» About this exercise
Without including any pictures, copy each entry below exactly.

» Material provided
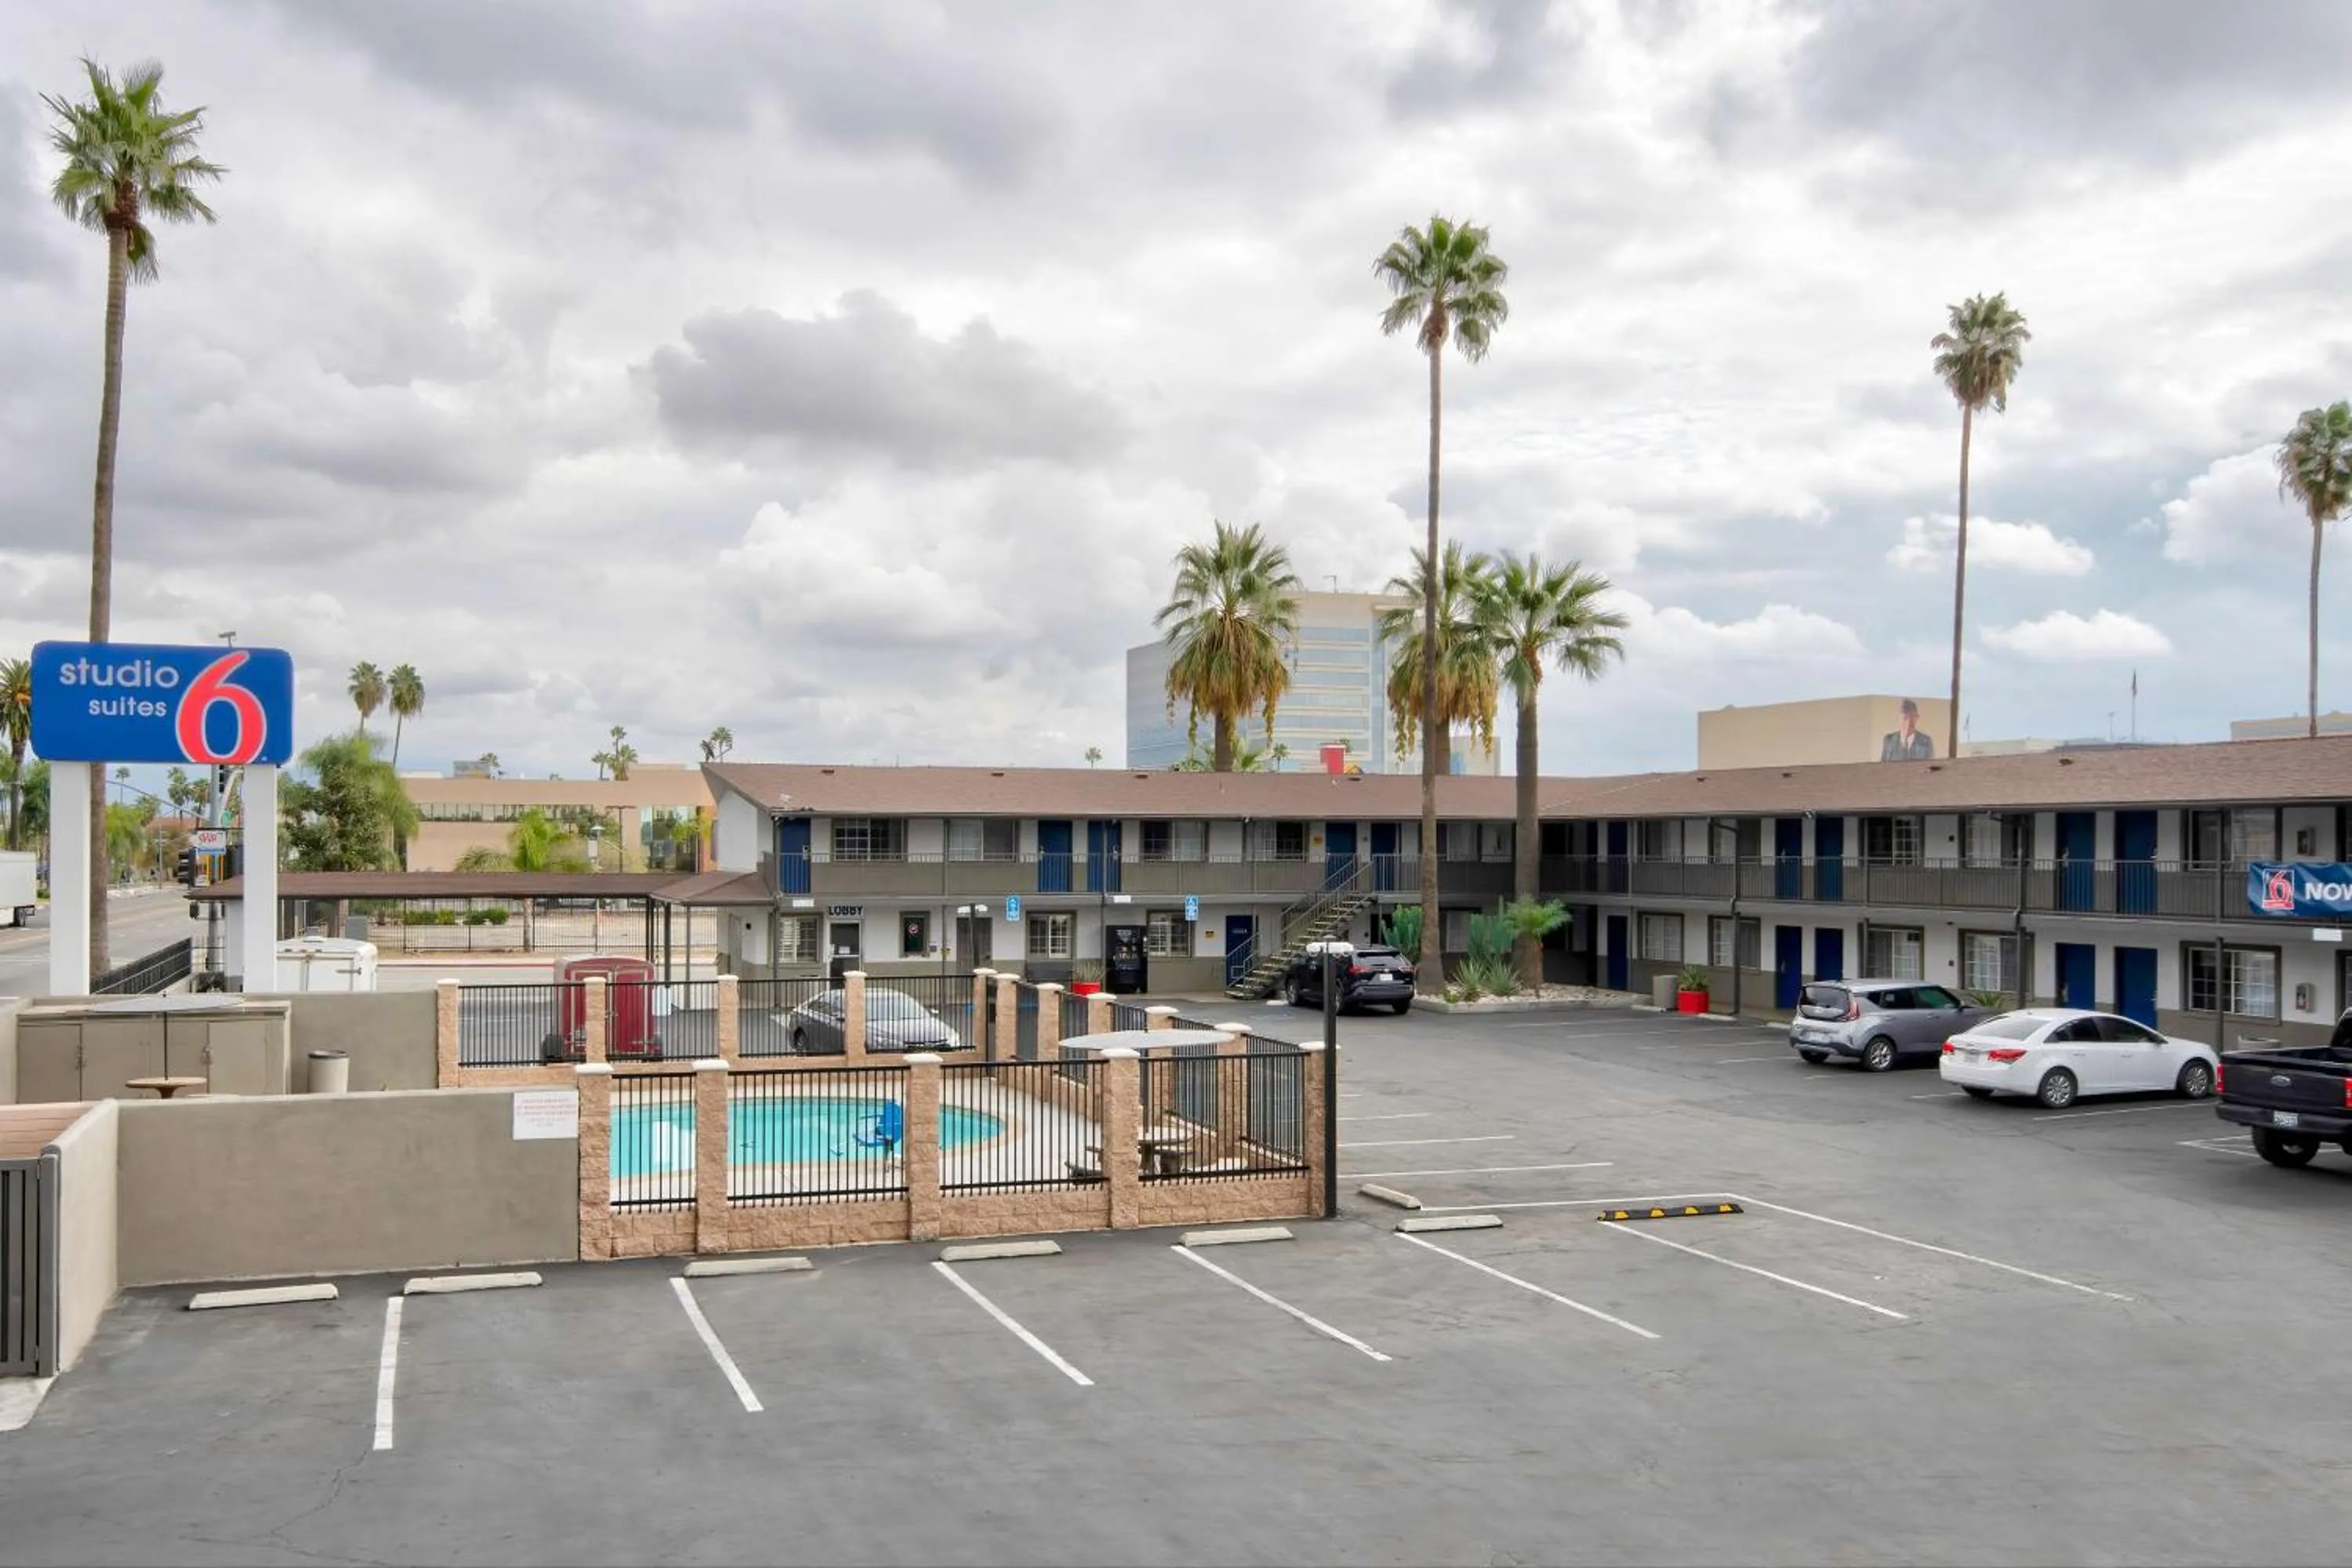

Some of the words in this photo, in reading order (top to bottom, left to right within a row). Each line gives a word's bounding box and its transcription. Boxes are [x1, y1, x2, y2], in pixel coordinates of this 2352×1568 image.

[59, 657, 180, 688] studio
[175, 650, 267, 764] 6
[88, 696, 167, 717] suites
[2269, 869, 2292, 902] 6
[828, 906, 863, 916] LOBBY
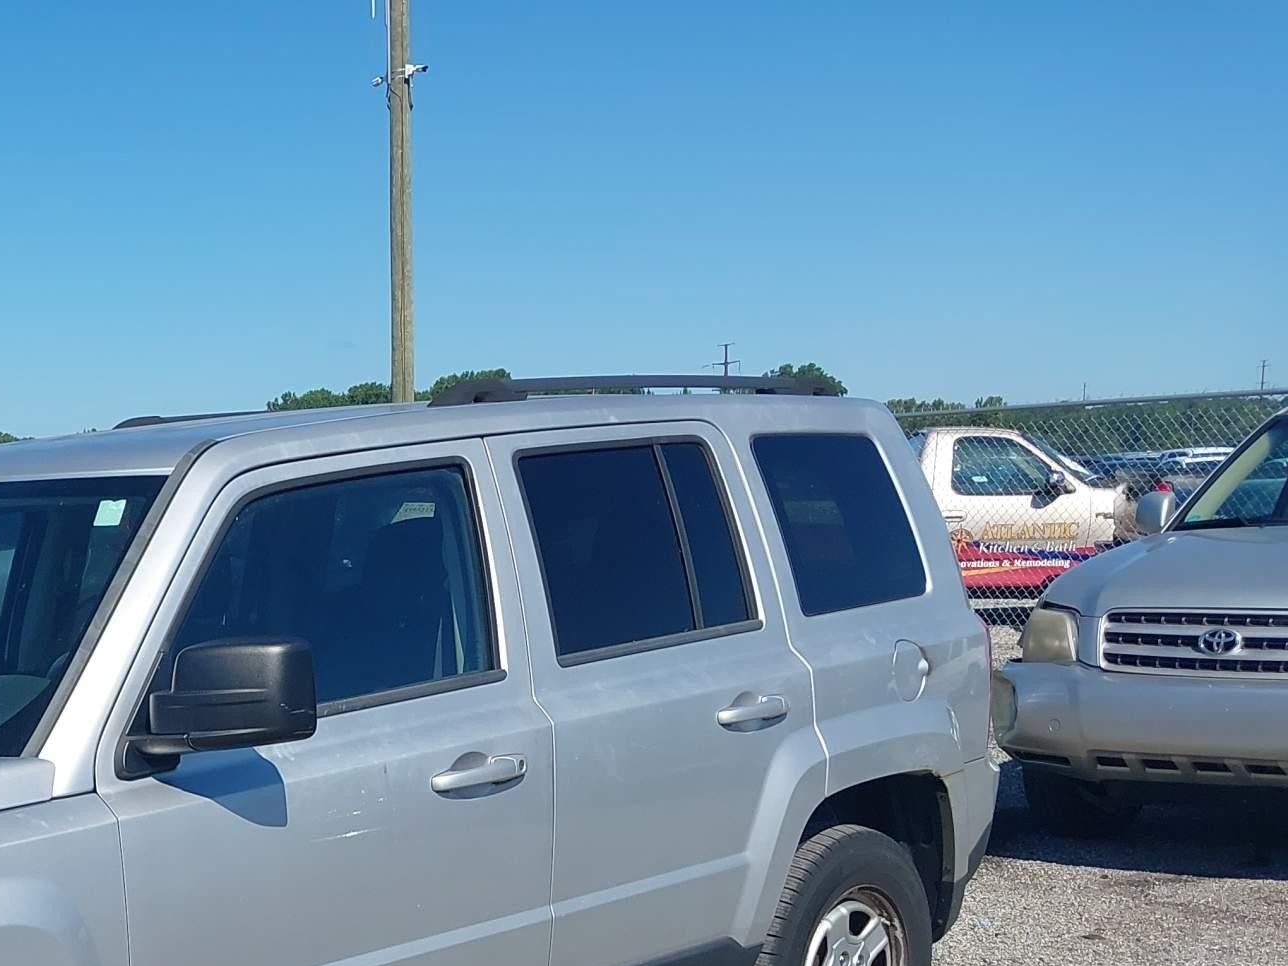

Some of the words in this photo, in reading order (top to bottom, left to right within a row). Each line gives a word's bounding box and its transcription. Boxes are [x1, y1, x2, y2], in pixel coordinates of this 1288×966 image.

[980, 520, 1080, 540] ATLANTIC
[978, 541, 1028, 553] Kitchen
[1046, 540, 1077, 552] Bath
[958, 559, 999, 568] ovations
[1001, 559, 1011, 568] &
[1013, 558, 1071, 568] Remodeling
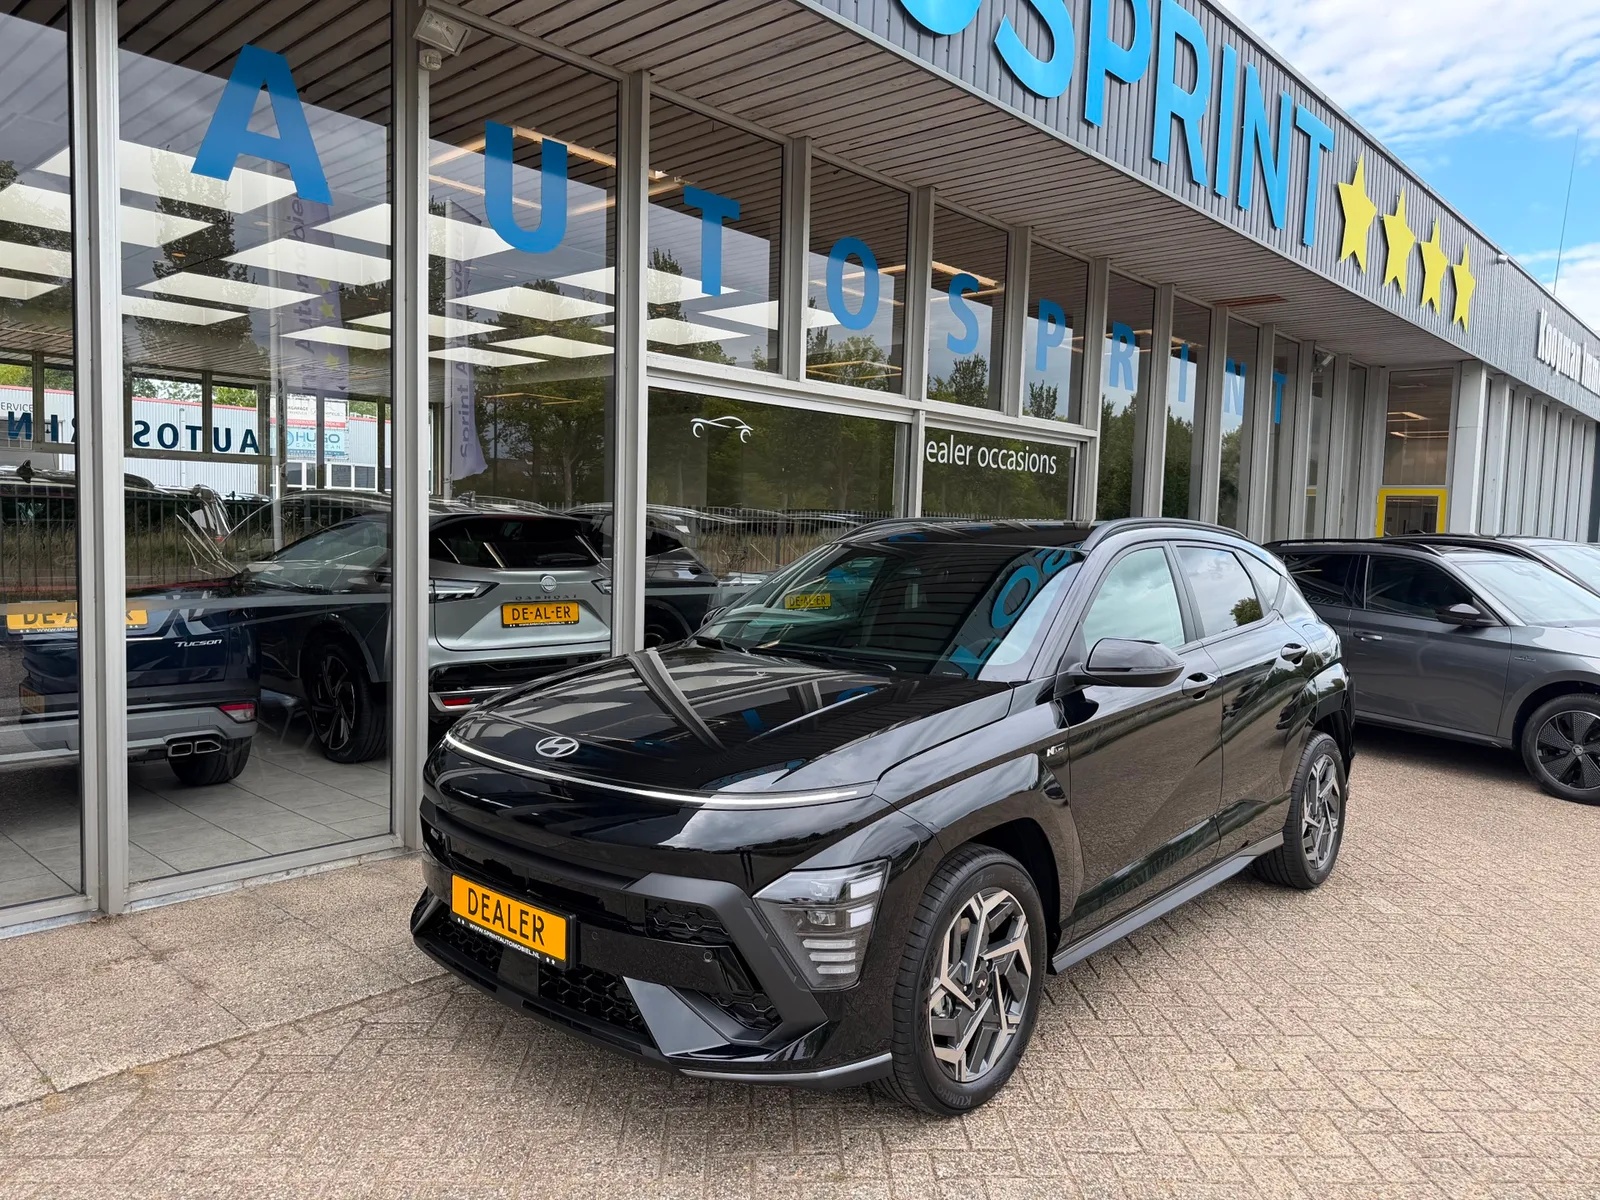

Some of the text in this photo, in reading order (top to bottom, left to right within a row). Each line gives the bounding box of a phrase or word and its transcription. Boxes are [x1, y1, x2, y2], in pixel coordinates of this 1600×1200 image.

[905, 0, 1334, 247] SPRINT
[1537, 307, 1581, 383] Koopman
[457, 384, 469, 459] Sprint
[926, 434, 1057, 475] ealer occasions
[512, 606, 571, 621] DE-AL-ER
[468, 888, 545, 946] DEALER
[936, 1084, 972, 1106] KUMHO

» Task response
Some of the words in this photo, in reading order (top to bottom, left to right within a row). Each line gives a word's bounding box and its transcription. Boxes are [x1, y1, x2, y2], in pixel coordinates of this 2352×1568 image.

[59, 657, 180, 688] studio
[175, 650, 267, 764] 6
[88, 696, 167, 717] suites
[2269, 869, 2292, 902] 6
[828, 906, 863, 916] LOBBY

Some of the words in this photo, in reading order (top to bottom, left to right within a row). Each line gives a word's bounding box and its transcription. Boxes are [x1, y1, x2, y2], in pixel coordinates of this 1288×966 image.

[980, 520, 1080, 540] ATLANTIC
[978, 541, 1028, 553] Kitchen
[1046, 540, 1077, 552] Bath
[958, 559, 999, 568] ovations
[1001, 559, 1011, 568] &
[1013, 558, 1071, 568] Remodeling

Some of the text in this photo, in reading order (top to bottom, left to right within a row). Each line gives the bounding box of a phrase or word and its transcription. Boxes are [x1, y1, x2, y2], in pixel coordinates of this 1600×1200 image.

[905, 0, 1334, 247] SPRINT
[1537, 307, 1581, 383] Koopman
[457, 384, 469, 459] Sprint
[926, 434, 1057, 475] ealer occasions
[512, 606, 571, 621] DE-AL-ER
[468, 888, 545, 946] DEALER
[936, 1084, 972, 1106] KUMHO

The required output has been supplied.